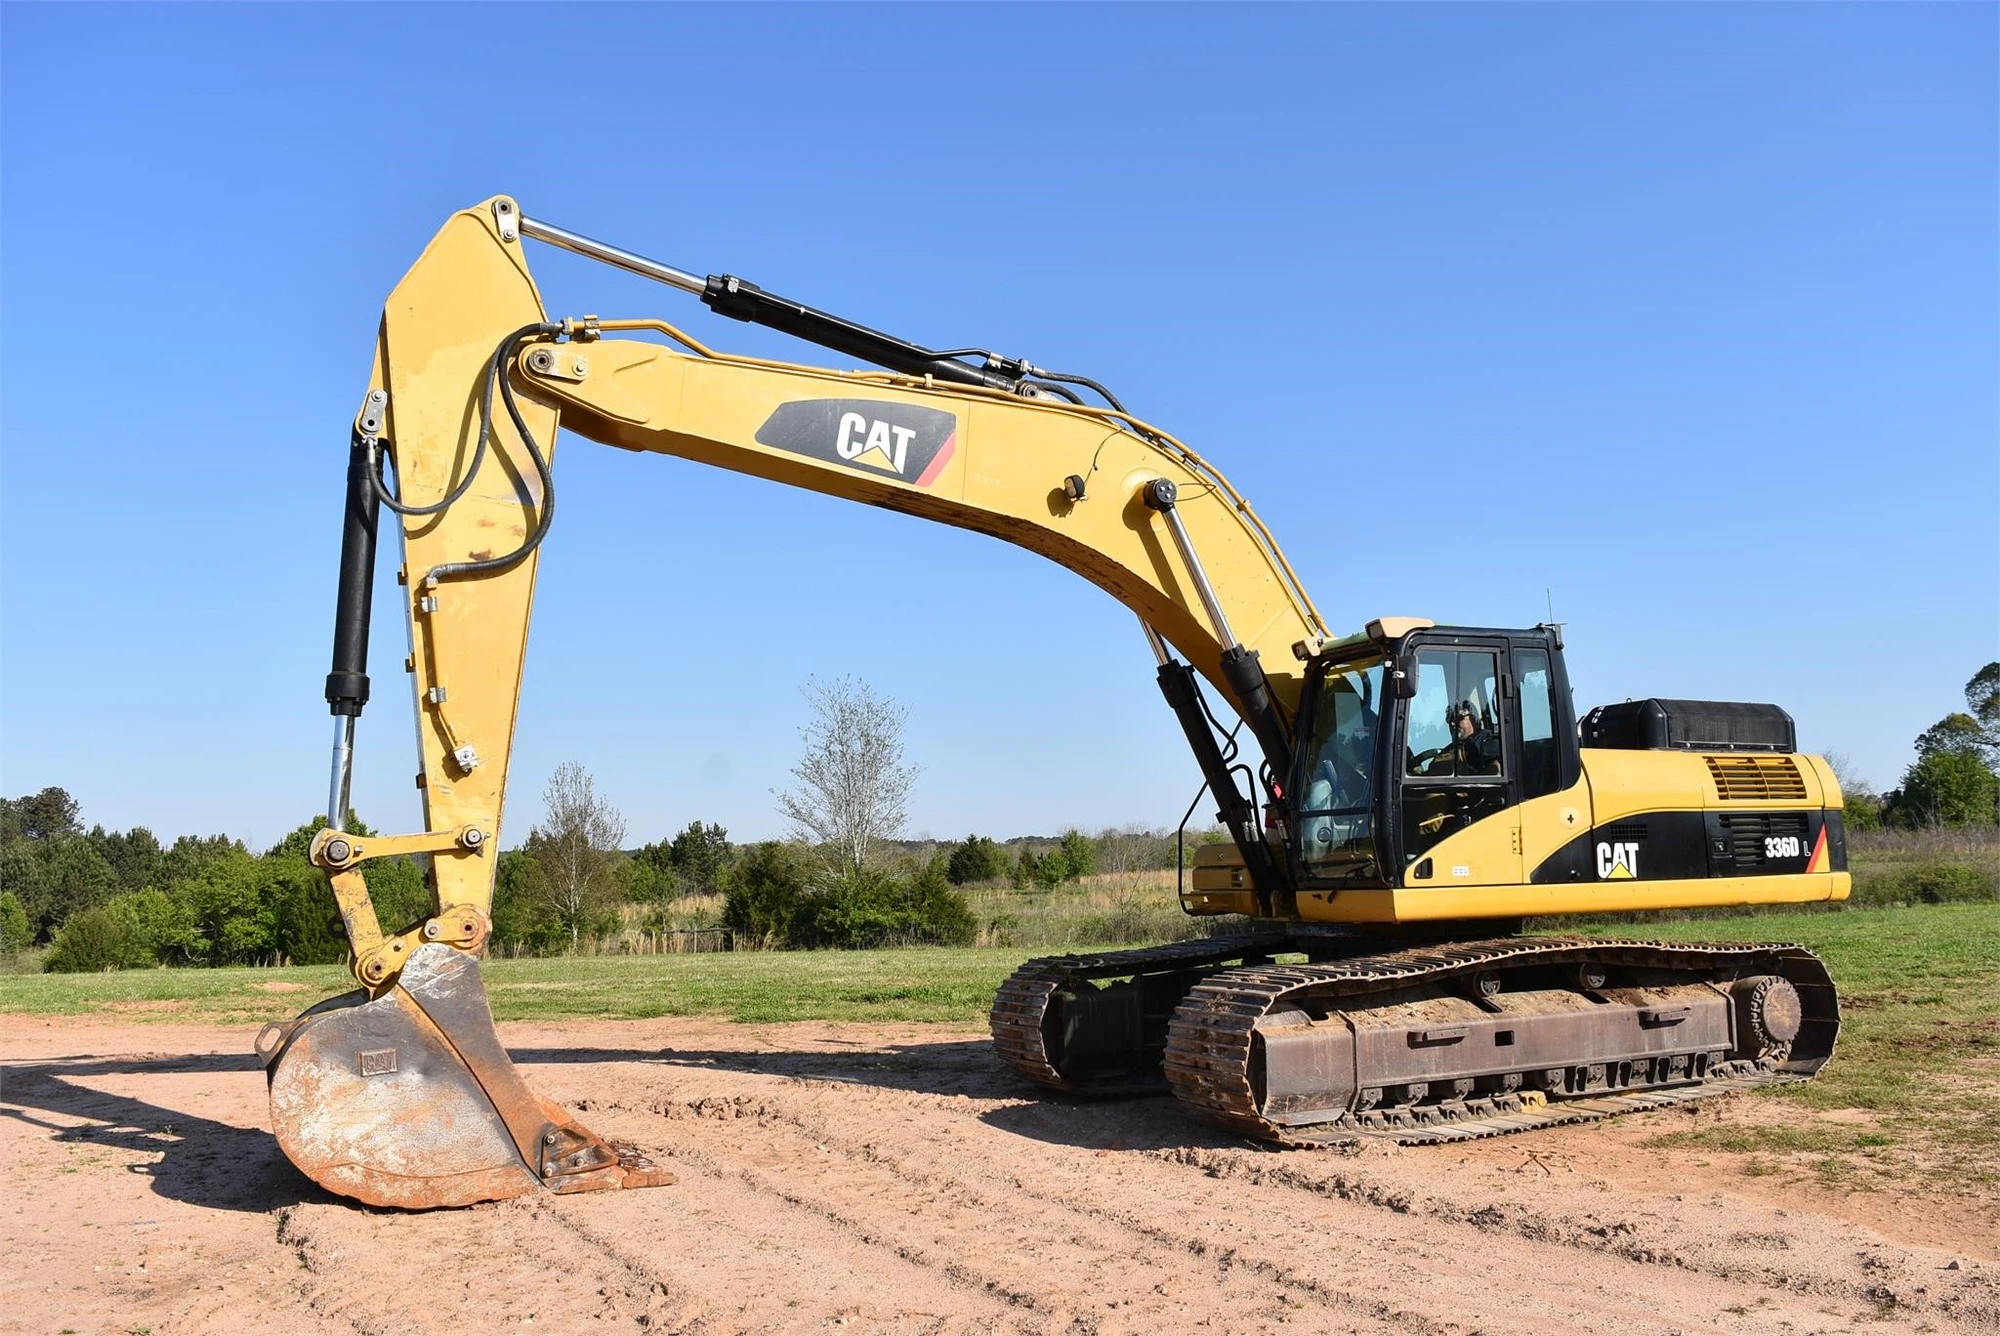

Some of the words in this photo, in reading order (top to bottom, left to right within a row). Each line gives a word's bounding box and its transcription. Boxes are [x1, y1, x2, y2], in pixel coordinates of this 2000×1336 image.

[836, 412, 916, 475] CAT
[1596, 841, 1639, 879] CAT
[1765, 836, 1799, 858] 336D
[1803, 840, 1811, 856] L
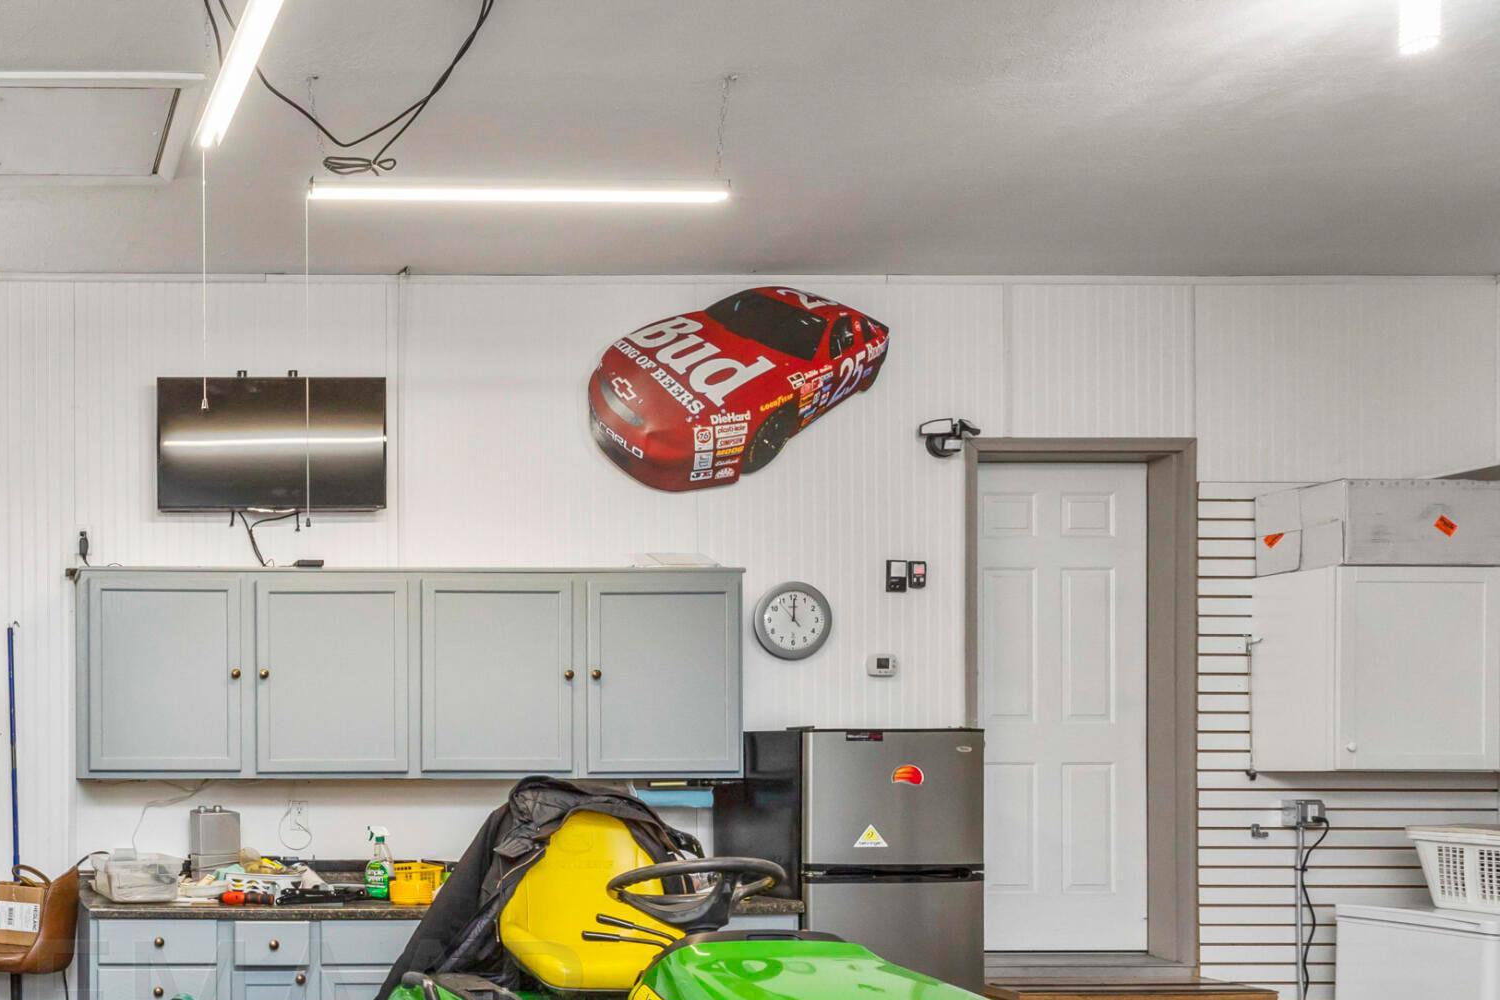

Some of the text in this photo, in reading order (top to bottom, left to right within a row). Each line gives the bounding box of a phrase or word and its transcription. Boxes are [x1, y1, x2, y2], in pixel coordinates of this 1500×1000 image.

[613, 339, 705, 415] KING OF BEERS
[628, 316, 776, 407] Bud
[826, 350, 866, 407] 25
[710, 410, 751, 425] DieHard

■ Your goal: Everything from the line containing "Some of the text" through the last line above should be set down exactly; include no other lines.

■ Solution to this problem:
Some of the text in this photo, in reading order (top to bottom, left to right within a row). Each line gives the bounding box of a phrase or word and its transcription. Boxes are [x1, y1, x2, y2], in pixel coordinates of this 1500×1000 image.

[613, 339, 705, 415] KING OF BEERS
[628, 316, 776, 407] Bud
[826, 350, 866, 407] 25
[710, 410, 751, 425] DieHard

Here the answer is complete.